Durante los últimos doce años estuvo ajena al mundo político, viviendo experiencias que para otras personas les significa una vida entera: muerte de compañeros, un divorcio, soledad y un aborto, pero también muchas satisfacciones. Había visto crecer su institución a pasos agigantados, con procesos claros que fomentaban la integridad y modernidad. Ella misma se había ganado un lugar incuestionable por sus resultados, además de recibir capacitación en agencias estadounidenses y la satisfacción de ayudar a muchas personas de manera directa e indirecta.
Carlos por su parte, ingresó a la Policía de su municipio por un amigo. De inicio no estaba muy convencido, pero se fue enamorando de su imagen en el uniforme y de la vocación policial. Solo había algo que le incomodaba: las cuotas que el titular les pedía. Cuotas derivadas de la corrupción.
Mientras había compañeros que se quedaban con una parte de “las mordidas” para hacer un colchón o salir en gastos, Carlos prefería poner de su propia bolsa a robarle a los detenidos o aceptar el dinero del ciudadano corrupto. De tonto no lo bajaban, pero Carlos lo prefería así.
Vinieron las elecciones y ninguno de los dos fue a votar porque estaban de servicio. Tenían distintas funciones, ambas orientadas a garantizar la democracia. En ambos casos también, ganó un partido diferente al que gobernaba y ahí empezó todo.
En el caso de Mariana, no sabían qué hacer con ella y estaba francamente desocupada. A Carlos le comenzaron a exigir más dinero los nuevos mandos, cuyo único mérito era tener una relación con el dirigente en turno y que poco o nada sabían del tema policial.
Llegó el covid a México y Mariana enfermó. Todavía lloraba la muerte de su madre, a la que no pudo cuidar, cuando llegó a su puerta personal para recabar su firma en la hoja de baja de la institución. No solamente se quedó sin trabajo, sino también sin servicios médicos.
Bajo el argumento de la mentada depuración policial y a fin de lograr un efecto mediático, a Carlos también le llegó su baja.

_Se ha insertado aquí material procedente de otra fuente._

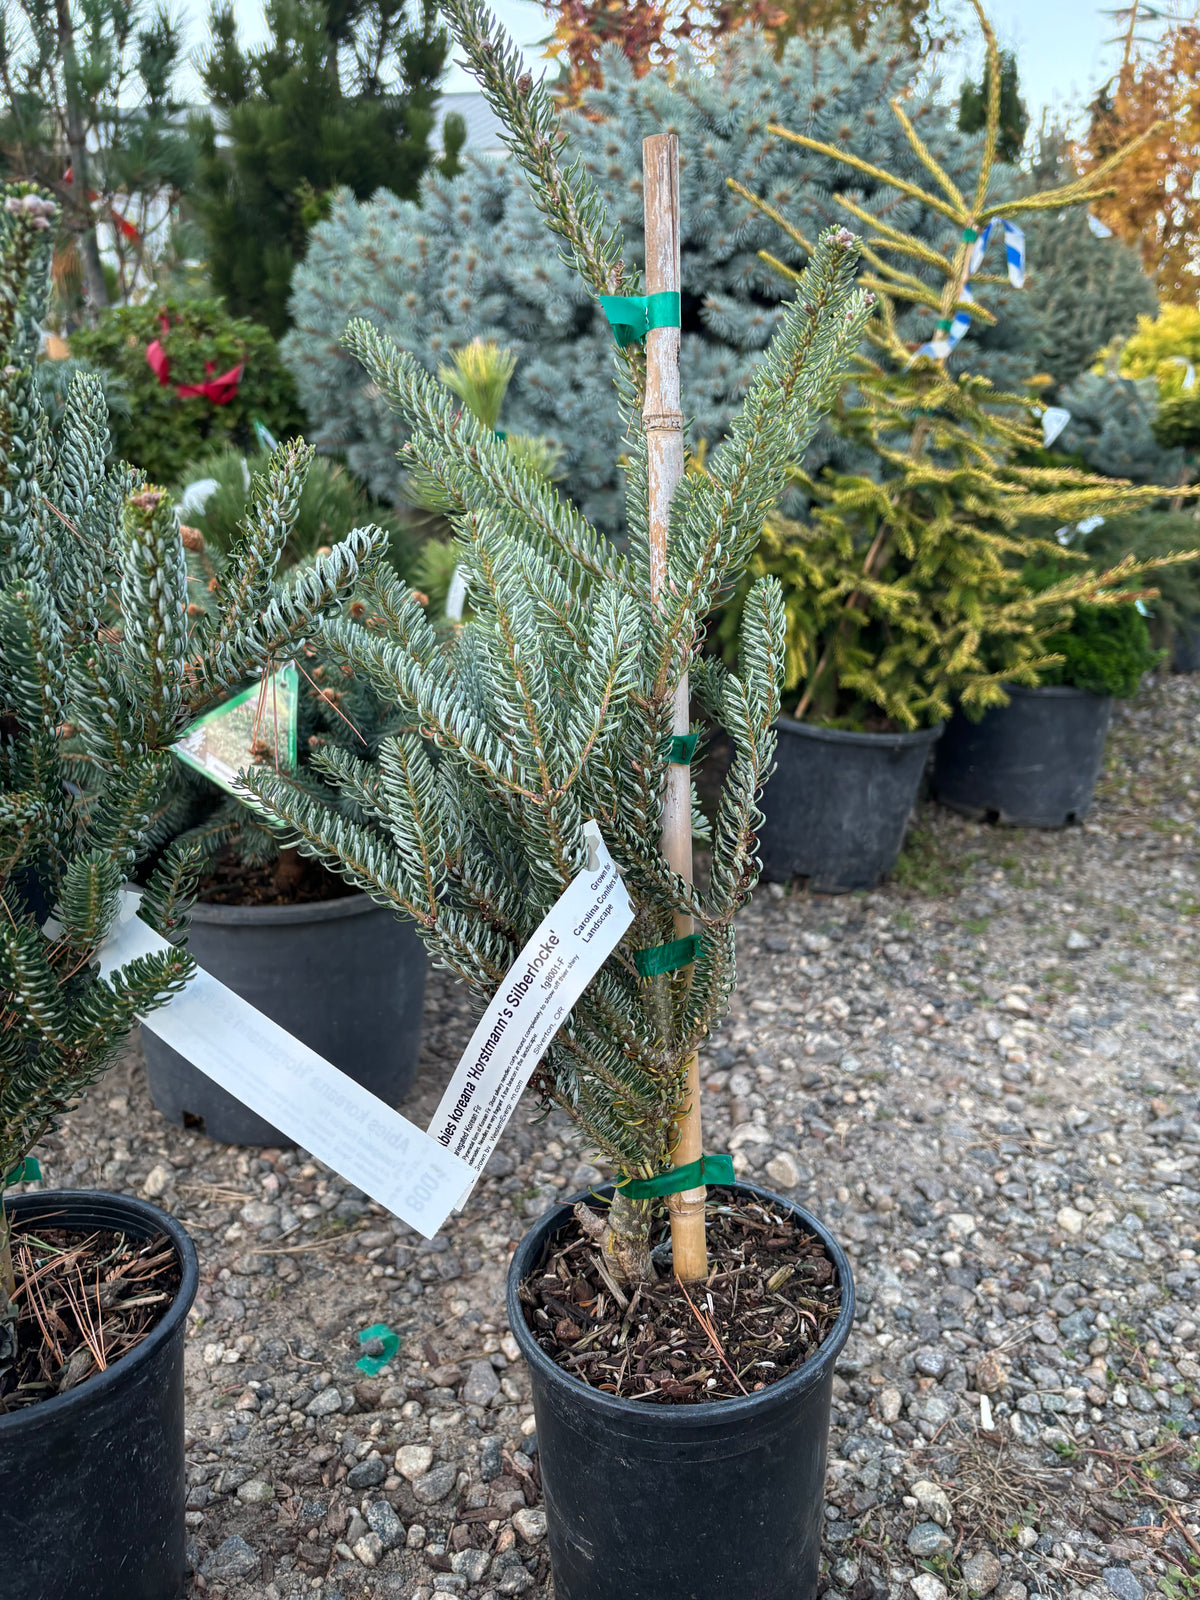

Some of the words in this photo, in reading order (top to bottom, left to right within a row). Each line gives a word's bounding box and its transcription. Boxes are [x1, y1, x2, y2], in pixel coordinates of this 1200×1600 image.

[590, 870, 607, 890] Grown
[573, 904, 599, 936] Carolina
[596, 879, 616, 904] Conifers
[582, 904, 613, 943] Landscape
[540, 956, 564, 990] 1g8001-F
[448, 1082, 476, 1123] koreana
[466, 1008, 513, 1080] 'Horstmann's
[506, 929, 559, 1007] Silberlocke'
[554, 1006, 564, 1020] OR
[479, 1113, 488, 1127] Korean
[501, 1066, 511, 1083] needles
[515, 1037, 526, 1055] around
[524, 1010, 543, 1038] completely
[544, 990, 555, 1004] show
[567, 954, 579, 968] shiny
[454, 1131, 469, 1156] ariegated
[464, 1113, 478, 1132] Korean
[473, 1104, 481, 1114] Fir
[478, 1130, 489, 1145] Needles
[506, 1071, 517, 1087] beacon

Acusándolo de corrupto, lo amenazaron de que, si se inconformaba le abrirían un proceso en el que tenía todas las de perder.
Ambos lloraron de coraje, de desesperación, de dolor. ¿De qué habían servido tantas horas y vida invertidas en servir? ¿De qué había servido resistirse a la corrupción si al final eran echados a la calle sin prestaciones e incluso sin dinero?

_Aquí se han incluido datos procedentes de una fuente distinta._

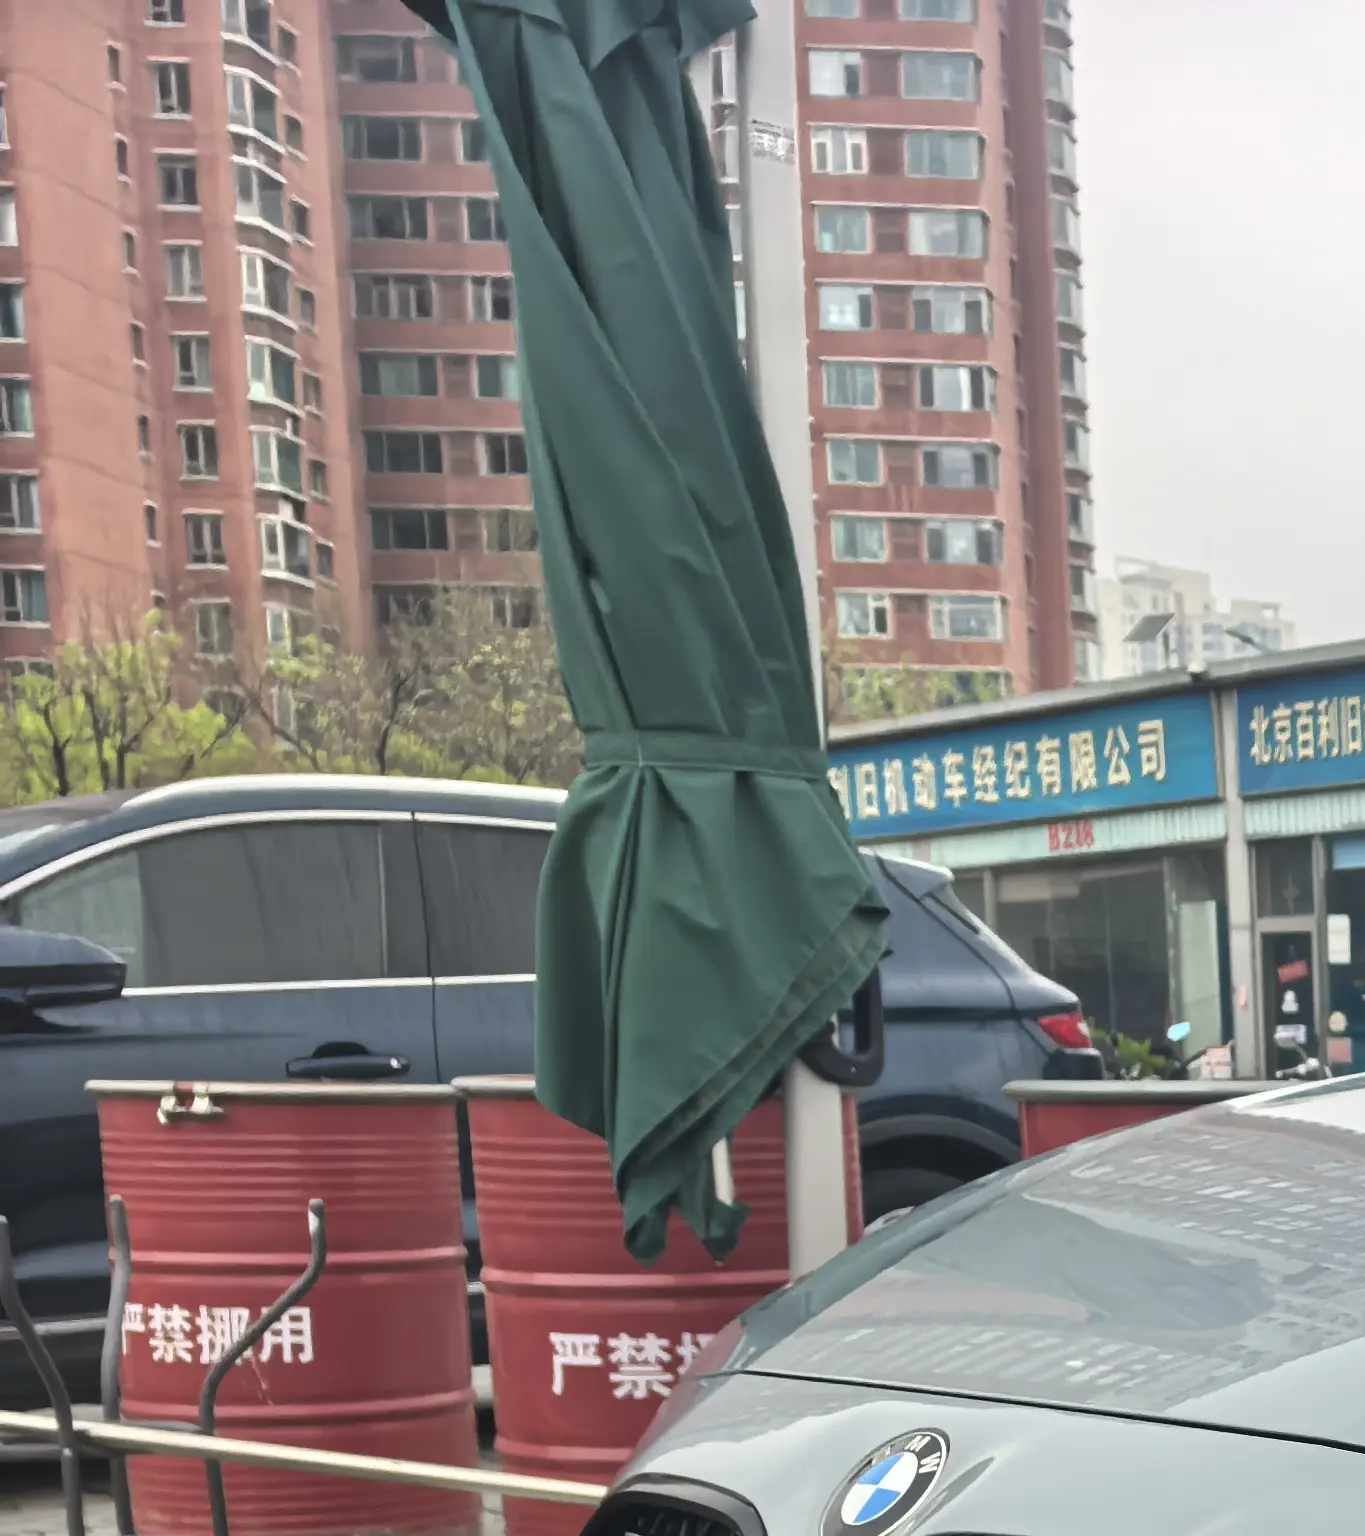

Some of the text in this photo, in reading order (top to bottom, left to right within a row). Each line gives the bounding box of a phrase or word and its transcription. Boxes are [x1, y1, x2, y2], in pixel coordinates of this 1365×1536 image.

[1048, 820, 1096, 852] B218
[121, 1302, 315, 1366] 严禁挪用

Y luego llegaron (de nuevo) los políticos que exigían una Policía íntegra y en la que se pudiera confiar.
¿No será que primero hay que tener una clase política que conozca lo que significa la política pública que respeta la carrera policial para tener una Policía confiable?
Y si, también la Policía debe de votar. Hoy menos que nunca, puede estar ajena a las decisiones políticas de México.